- What is required: Repeat every record exactly, but keep images out of the copy.

Data excerpts
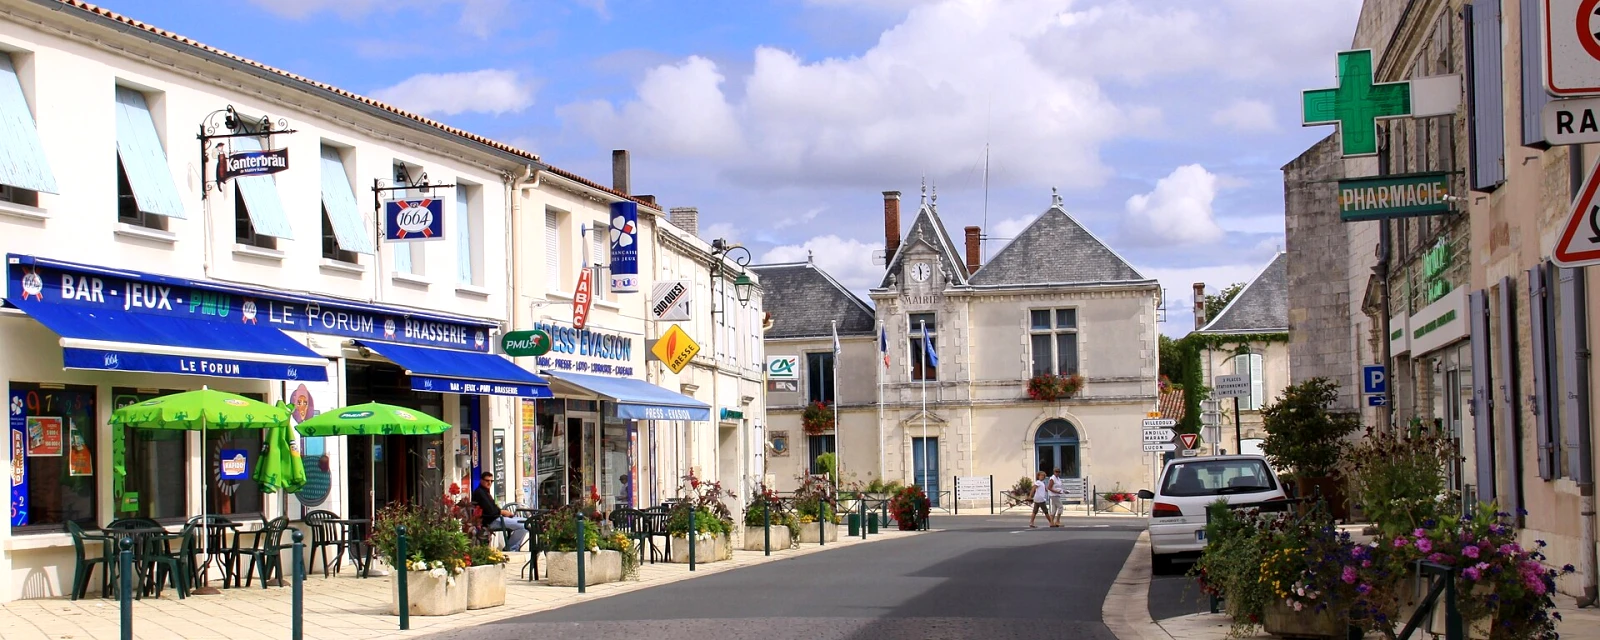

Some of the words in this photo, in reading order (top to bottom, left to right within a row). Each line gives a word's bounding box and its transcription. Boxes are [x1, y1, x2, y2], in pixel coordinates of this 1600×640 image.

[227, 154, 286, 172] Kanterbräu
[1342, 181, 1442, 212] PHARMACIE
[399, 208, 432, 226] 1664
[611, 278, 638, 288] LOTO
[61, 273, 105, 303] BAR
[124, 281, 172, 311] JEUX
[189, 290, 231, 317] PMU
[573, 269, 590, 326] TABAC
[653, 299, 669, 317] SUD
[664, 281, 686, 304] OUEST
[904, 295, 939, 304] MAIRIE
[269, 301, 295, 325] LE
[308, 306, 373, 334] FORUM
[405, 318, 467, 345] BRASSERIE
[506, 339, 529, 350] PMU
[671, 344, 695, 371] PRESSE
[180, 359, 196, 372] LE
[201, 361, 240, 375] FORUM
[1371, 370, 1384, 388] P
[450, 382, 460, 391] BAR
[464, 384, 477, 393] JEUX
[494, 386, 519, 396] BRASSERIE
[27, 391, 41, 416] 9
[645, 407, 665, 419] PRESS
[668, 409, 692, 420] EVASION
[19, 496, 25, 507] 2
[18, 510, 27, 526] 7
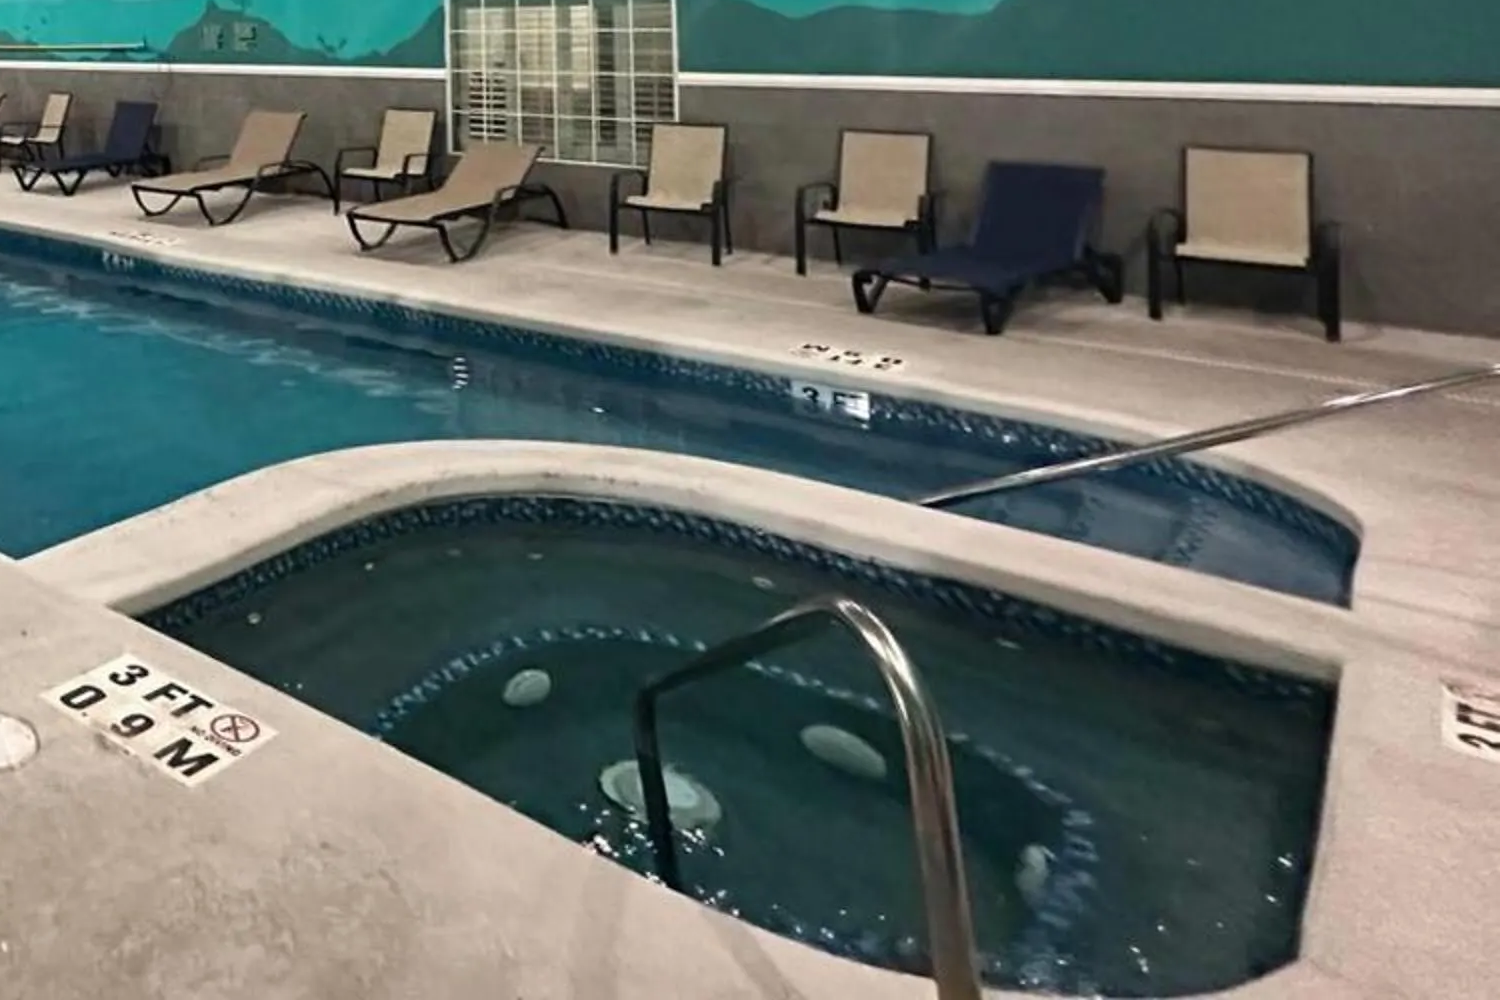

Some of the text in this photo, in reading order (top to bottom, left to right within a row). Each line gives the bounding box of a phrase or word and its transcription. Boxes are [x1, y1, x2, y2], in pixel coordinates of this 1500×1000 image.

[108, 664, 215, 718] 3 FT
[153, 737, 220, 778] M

- Solution for this problem:
Some of the words in this photo, in reading order (top to bottom, left to right within a row). Each line gives a word's bounding box and its transcription. Boxes are [x1, y1, x2, y2], in pixel coordinates of this 1600×640 image.

[227, 154, 286, 172] Kanterbräu
[1342, 181, 1442, 212] PHARMACIE
[399, 208, 432, 226] 1664
[611, 278, 638, 288] LOTO
[61, 273, 105, 303] BAR
[124, 281, 172, 311] JEUX
[189, 290, 231, 317] PMU
[573, 269, 590, 326] TABAC
[653, 299, 669, 317] SUD
[664, 281, 686, 304] OUEST
[904, 295, 939, 304] MAIRIE
[269, 301, 295, 325] LE
[308, 306, 373, 334] FORUM
[405, 318, 467, 345] BRASSERIE
[506, 339, 529, 350] PMU
[671, 344, 695, 371] PRESSE
[180, 359, 196, 372] LE
[201, 361, 240, 375] FORUM
[1371, 370, 1384, 388] P
[450, 382, 460, 391] BAR
[464, 384, 477, 393] JEUX
[494, 386, 519, 396] BRASSERIE
[27, 391, 41, 416] 9
[645, 407, 665, 419] PRESS
[668, 409, 692, 420] EVASION
[19, 496, 25, 507] 2
[18, 510, 27, 526] 7

Some of the text in this photo, in reading order (top to bottom, left to right within a row). Each line gives the bounding box of a phrase or word and its transcription. Boxes are [x1, y1, x2, y2], in pixel coordinates of this 1500×1000 image.

[108, 664, 215, 718] 3 FT
[153, 737, 220, 778] M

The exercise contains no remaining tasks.